Exercise:
Word-for-word transcription needed. Include every entry below but no pictures.

The data:

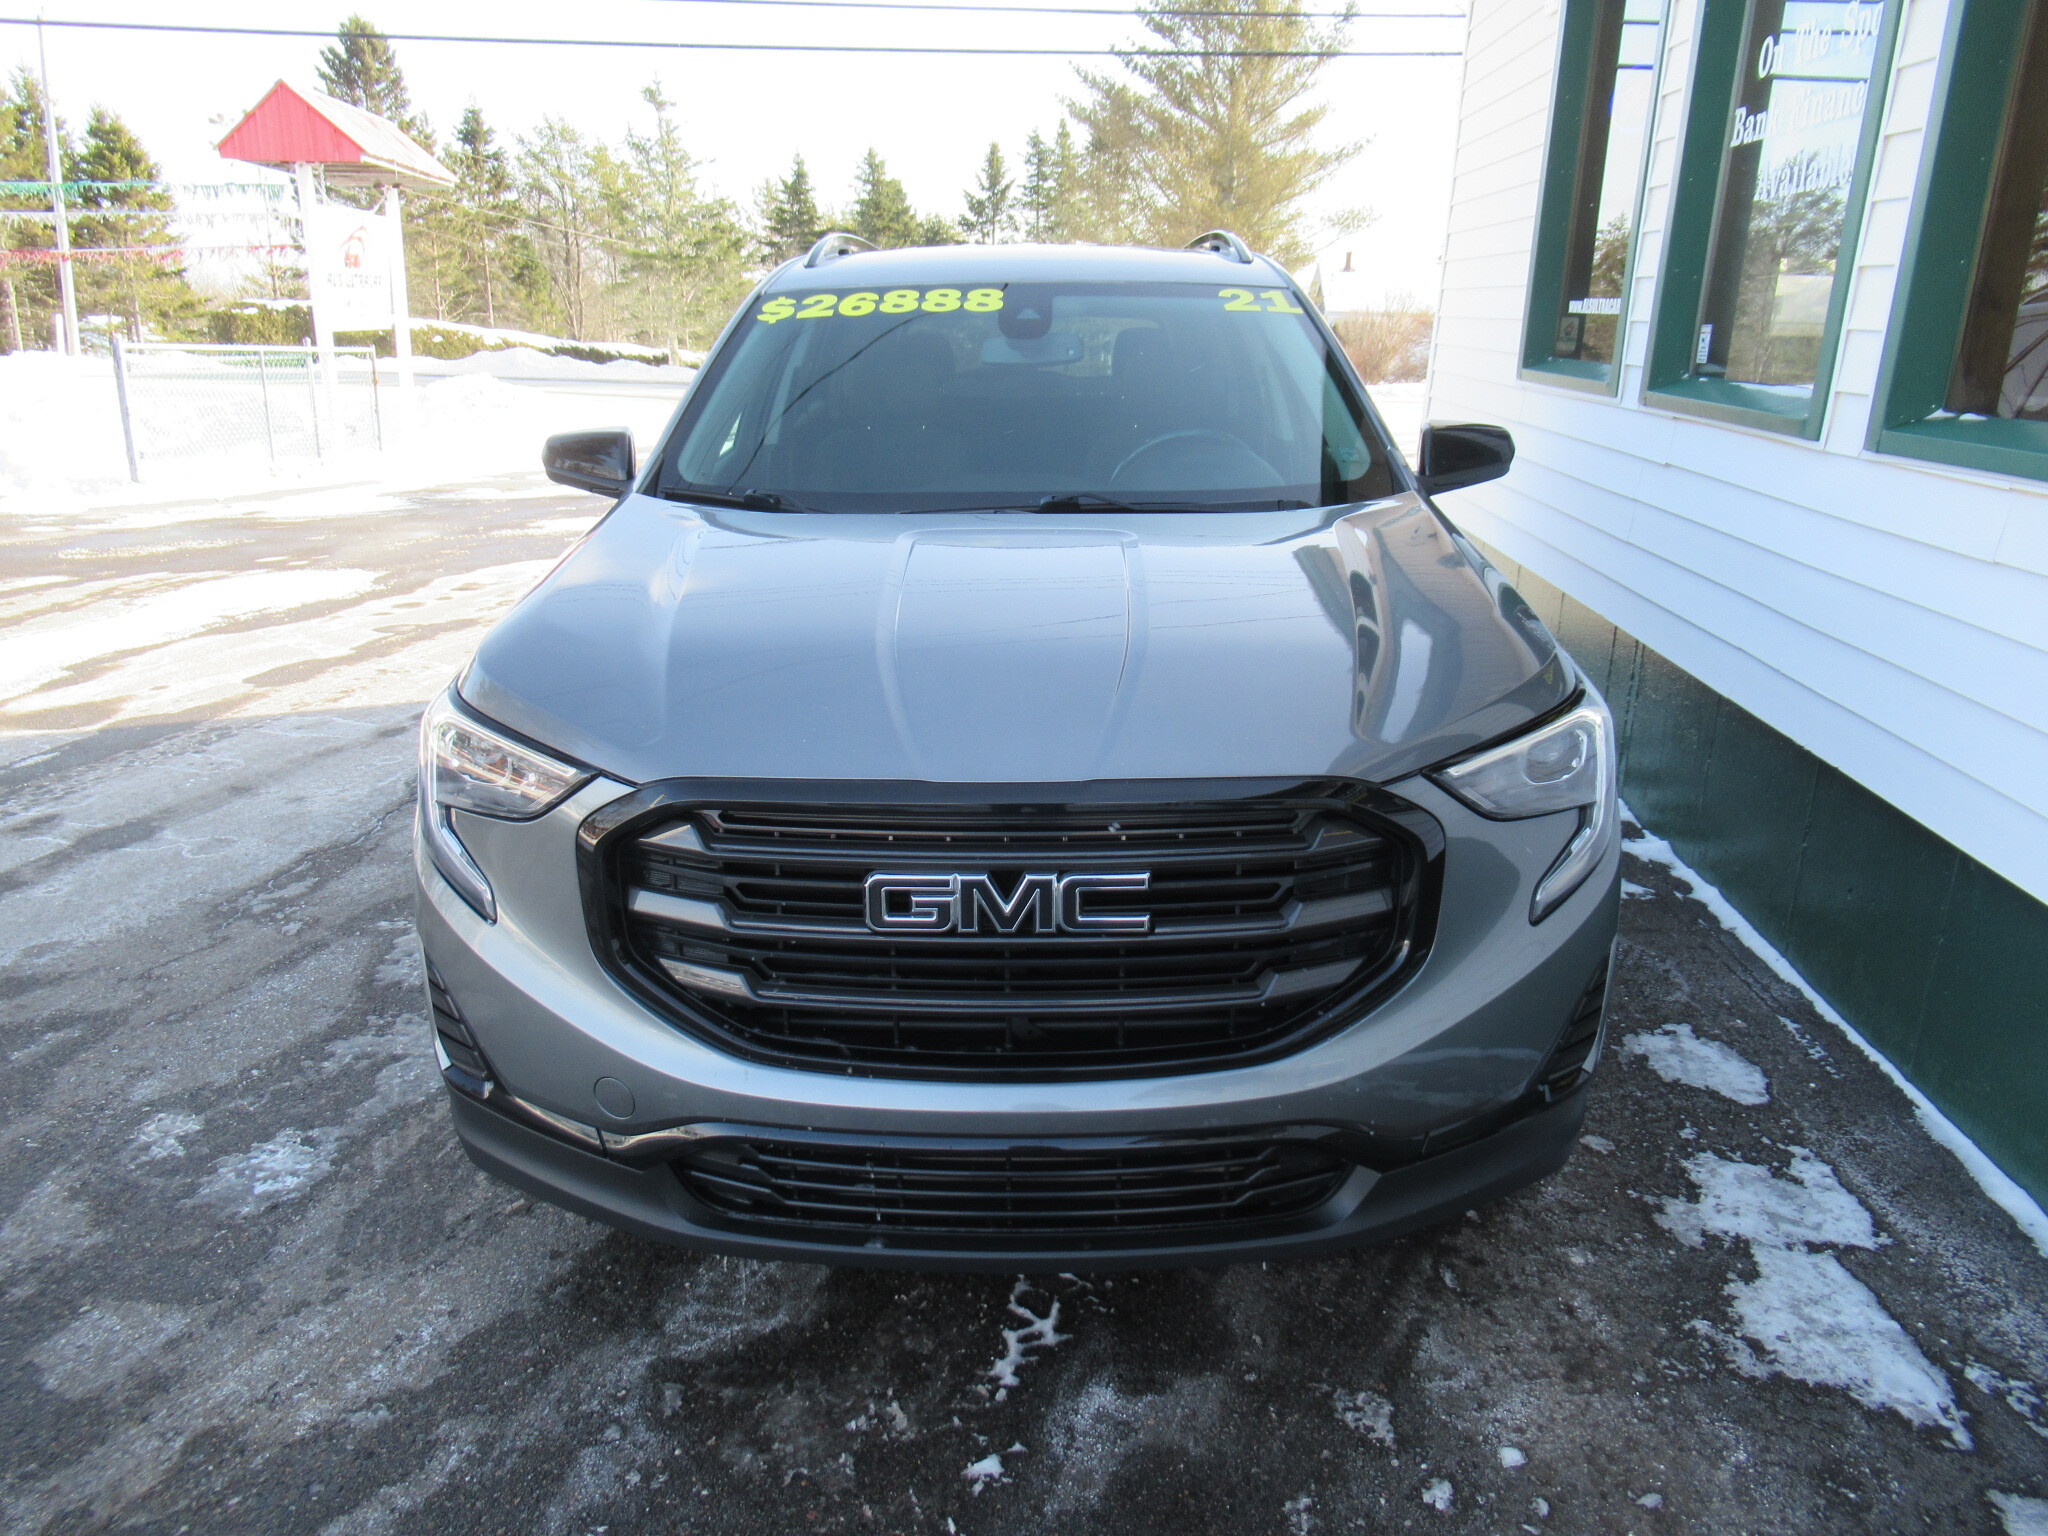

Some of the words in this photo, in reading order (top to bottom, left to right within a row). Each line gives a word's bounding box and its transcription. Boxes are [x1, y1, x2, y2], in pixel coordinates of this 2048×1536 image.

[1758, 35, 1785, 79] On
[1794, 17, 1832, 66] The
[1730, 97, 1781, 148] Bank
[757, 288, 1004, 324] $26888
[1218, 288, 1303, 314] 21
[864, 871, 1150, 933] GMC

Answer for this exercise:
Some of the words in this photo, in reading order (top to bottom, left to right within a row). Each line gives a word's bounding box and its transcription. Boxes are [x1, y1, x2, y2], in pixel coordinates of this 2048×1536 image.

[1758, 35, 1785, 79] On
[1794, 17, 1832, 66] The
[1730, 97, 1781, 148] Bank
[757, 288, 1004, 324] $26888
[1218, 288, 1303, 314] 21
[864, 871, 1150, 933] GMC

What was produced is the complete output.